##### EXTRACTED MATERIAL
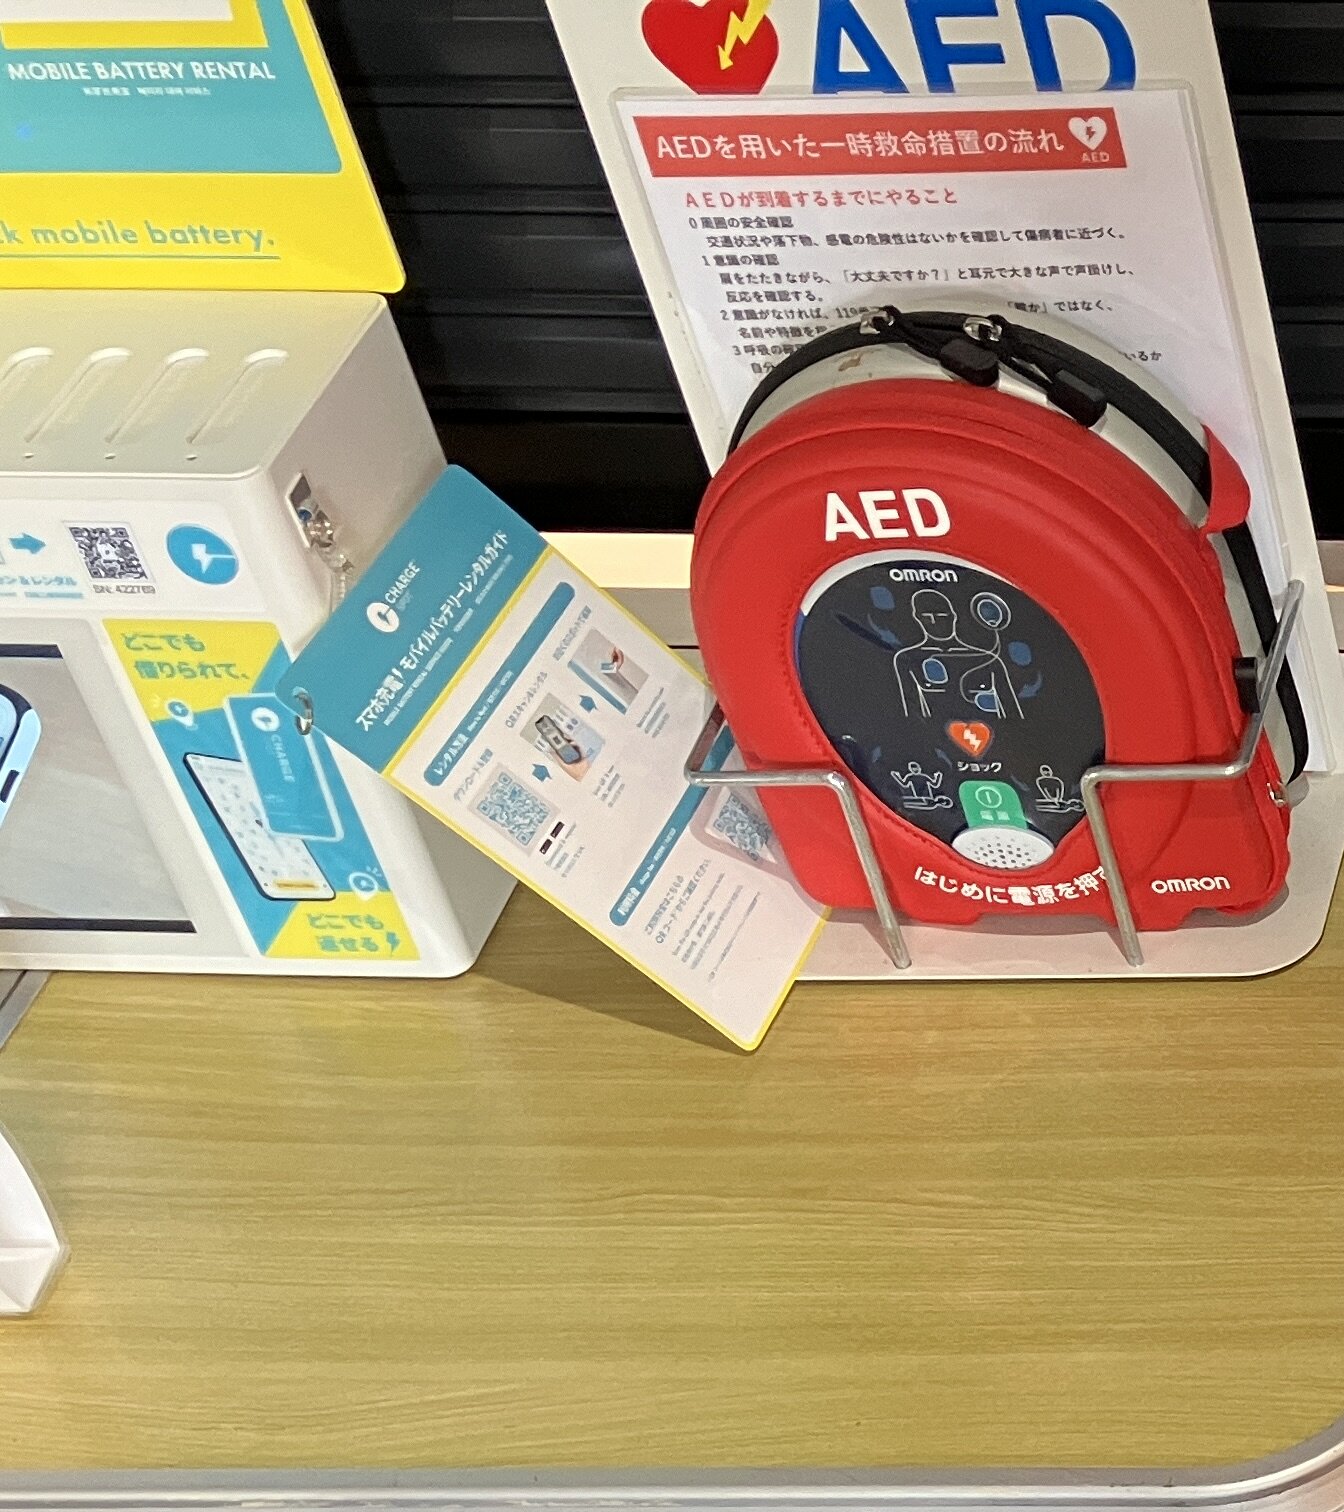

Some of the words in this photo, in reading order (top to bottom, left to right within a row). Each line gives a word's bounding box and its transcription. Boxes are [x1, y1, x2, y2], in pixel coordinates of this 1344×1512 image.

[813, 0, 1136, 94] AED
[8, 62, 91, 80] MOBILE
[92, 62, 184, 79] BATTERY
[191, 61, 276, 79] RENTAL
[657, 128, 1065, 159] AEDを用いた一時救命措置の流れ
[1081, 152, 1110, 163] AED
[0, 220, 23, 243] k
[31, 220, 138, 244] mobile
[145, 220, 274, 252] battery.
[825, 488, 951, 541] AED
[383, 560, 420, 605] CHARGE
[889, 568, 958, 583] OMRON
[120, 632, 205, 652] どこでも
[957, 761, 1002, 773] ショック
[1151, 875, 1231, 894] OMRON
[307, 913, 384, 930] どこでも
##########
### EXERCISE PROMPT
The expected output is every entry, retyped exactly, with all pictures removed.

### YOUR SOLUTION
Some of the words in this photo, in reading order (top to bottom, left to right within a row). Each line gives a word's bounding box and its transcription. Boxes are [x1, y1, x2, y2], in pixel coordinates of this 1344×1512 image.

[813, 0, 1136, 94] AED
[8, 62, 91, 80] MOBILE
[92, 62, 184, 79] BATTERY
[191, 61, 276, 79] RENTAL
[657, 128, 1065, 159] AEDを用いた一時救命措置の流れ
[1081, 152, 1110, 163] AED
[0, 220, 23, 243] k
[31, 220, 138, 244] mobile
[145, 220, 274, 252] battery.
[825, 488, 951, 541] AED
[383, 560, 420, 605] CHARGE
[889, 568, 958, 583] OMRON
[120, 632, 205, 652] どこでも
[957, 761, 1002, 773] ショック
[1151, 875, 1231, 894] OMRON
[307, 913, 384, 930] どこでも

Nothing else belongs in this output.